Recorded data
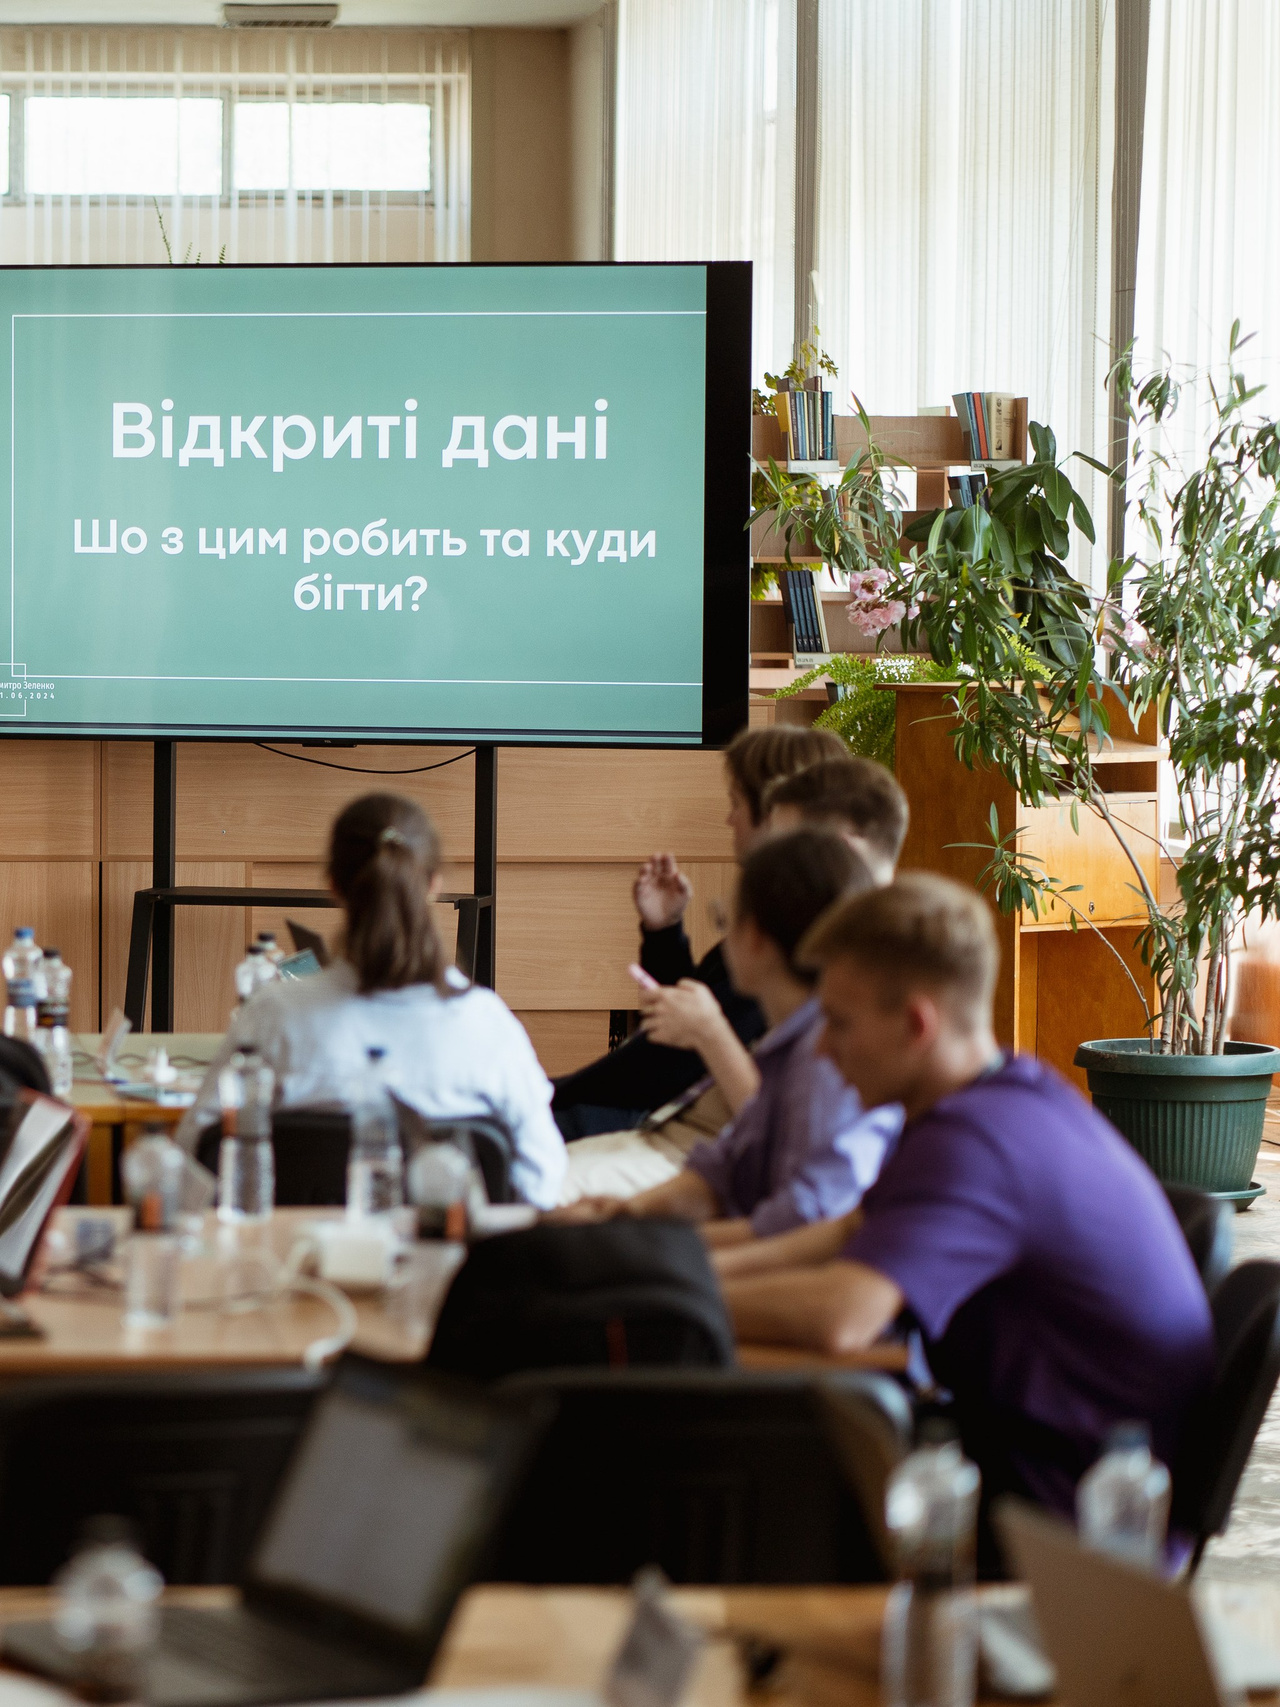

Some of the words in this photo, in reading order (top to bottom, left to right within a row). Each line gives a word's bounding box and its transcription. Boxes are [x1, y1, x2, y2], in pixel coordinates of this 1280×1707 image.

[110, 397, 418, 473] Відкриті
[441, 397, 609, 469] дані
[72, 517, 148, 555] Шо
[160, 526, 184, 556] з
[197, 526, 287, 561] цим
[302, 517, 468, 565] робить
[479, 527, 531, 558] та
[546, 529, 657, 566] куди
[293, 573, 429, 613] бігти?
[23, 681, 55, 690] Зеленко
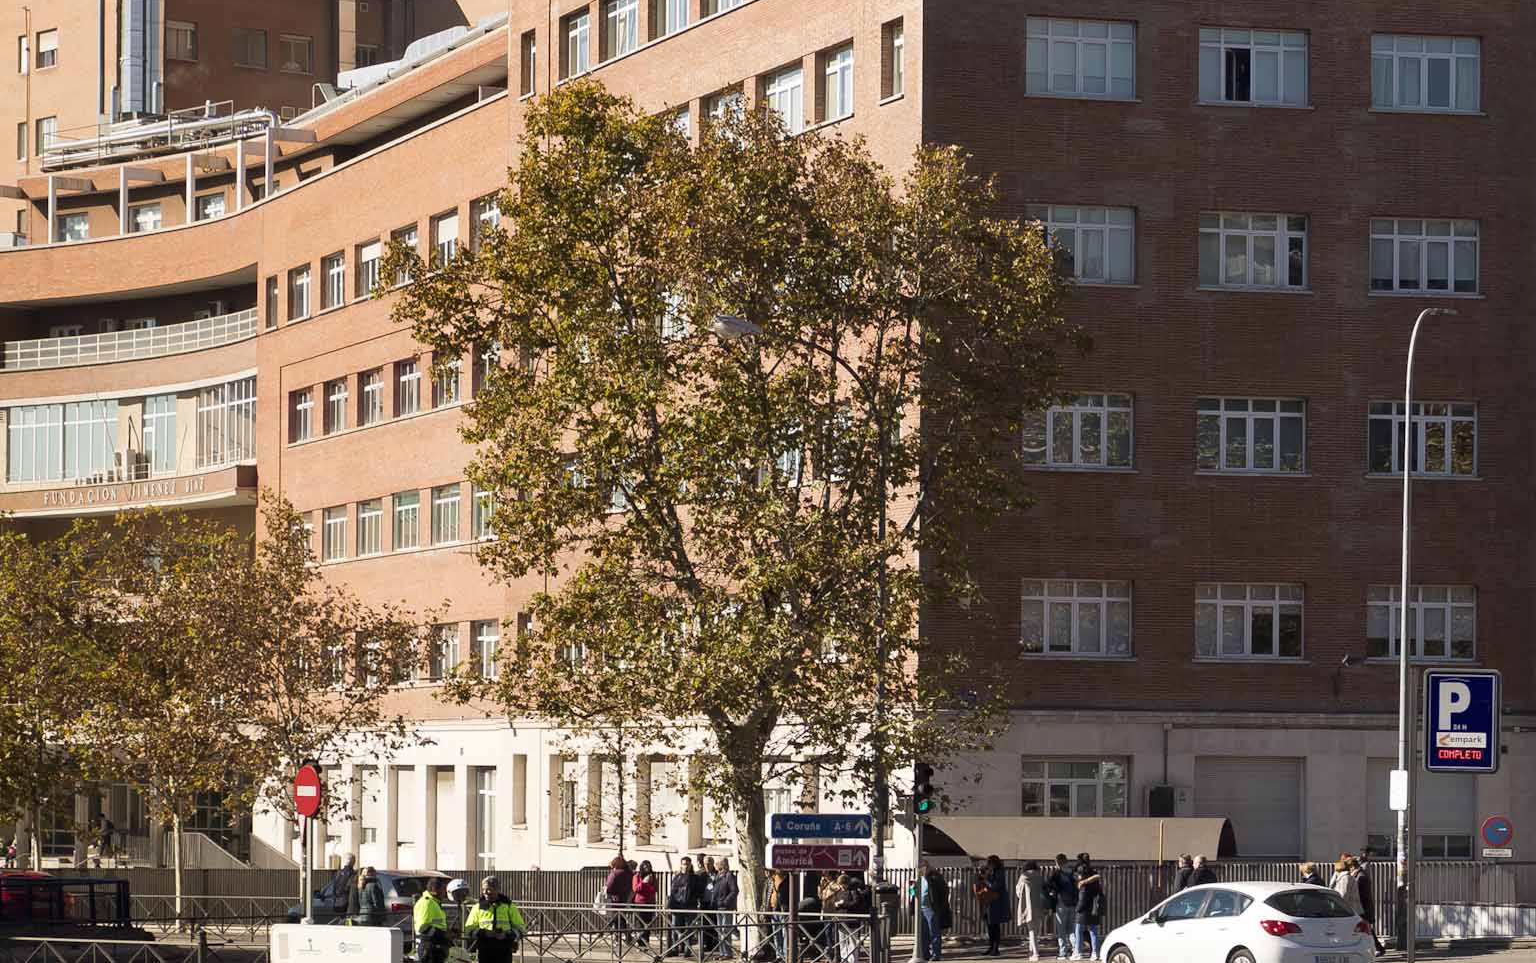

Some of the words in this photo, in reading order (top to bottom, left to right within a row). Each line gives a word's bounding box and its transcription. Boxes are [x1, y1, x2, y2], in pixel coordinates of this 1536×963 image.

[43, 488, 118, 506] FUNDACION
[1438, 682, 1472, 731] P
[1450, 735, 1483, 744] empark
[1438, 749, 1482, 760] COMPLETO
[775, 822, 782, 830] A

_What you have to do:_ Exclude the images and reproduce the remaining data exactly.

_Output of the exercise:_
Some of the words in this photo, in reading order (top to bottom, left to right within a row). Each line gives a word's bounding box and its transcription. Boxes are [x1, y1, x2, y2], in pixel coordinates of this 1280×1707 image.

[110, 397, 418, 473] Відкриті
[441, 397, 609, 469] дані
[72, 517, 148, 555] Шо
[160, 526, 184, 556] з
[197, 526, 287, 561] цим
[302, 517, 468, 565] робить
[479, 527, 531, 558] та
[546, 529, 657, 566] куди
[293, 573, 429, 613] бігти?
[23, 681, 55, 690] Зеленко

Some of the words in this photo, in reading order (top to bottom, left to right within a row). Each line gives a word's bounding box and its transcription. Boxes are [x1, y1, x2, y2], in pixel coordinates of this 1536×963 image.

[43, 488, 118, 506] FUNDACION
[1438, 682, 1472, 731] P
[1450, 735, 1483, 744] empark
[1438, 749, 1482, 760] COMPLETO
[775, 822, 782, 830] A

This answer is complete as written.